BEGIN INPUT RECORDS

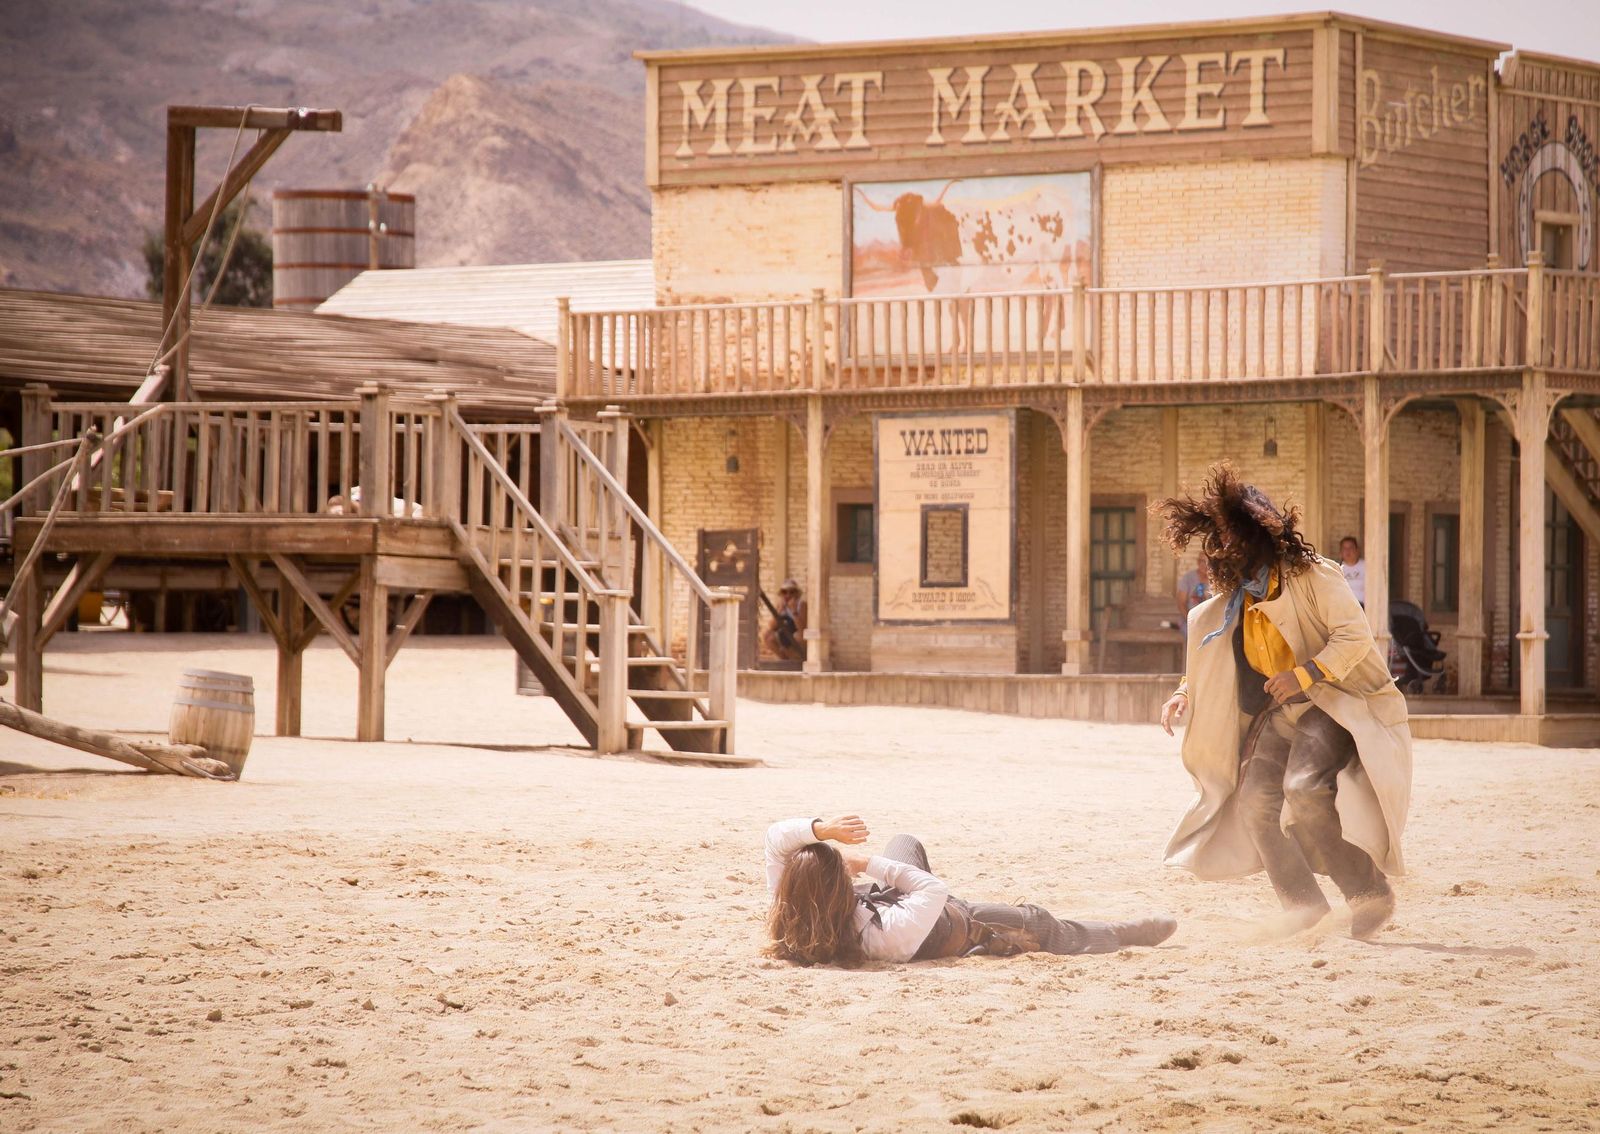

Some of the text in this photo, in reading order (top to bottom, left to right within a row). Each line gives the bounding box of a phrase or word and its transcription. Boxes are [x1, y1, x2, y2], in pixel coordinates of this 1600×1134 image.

[674, 48, 1286, 158] MEAT MARKET
[1359, 65, 1486, 169] Butcher
[900, 427, 989, 456] WANTED
[950, 461, 973, 469] ALIVE
[912, 591, 946, 603] REWARD

END INPUT RECORDS

▶ **WORK TASK**:
Quote the records above exactly, leaving out any pictures.

▶ **COMPLETED EXERCISE**:
Some of the text in this photo, in reading order (top to bottom, left to right within a row). Each line gives the bounding box of a phrase or word and its transcription. Boxes are [x1, y1, x2, y2], in pixel coordinates of this 1600×1134 image.

[674, 48, 1286, 158] MEAT MARKET
[1359, 65, 1486, 169] Butcher
[900, 427, 989, 456] WANTED
[950, 461, 973, 469] ALIVE
[912, 591, 946, 603] REWARD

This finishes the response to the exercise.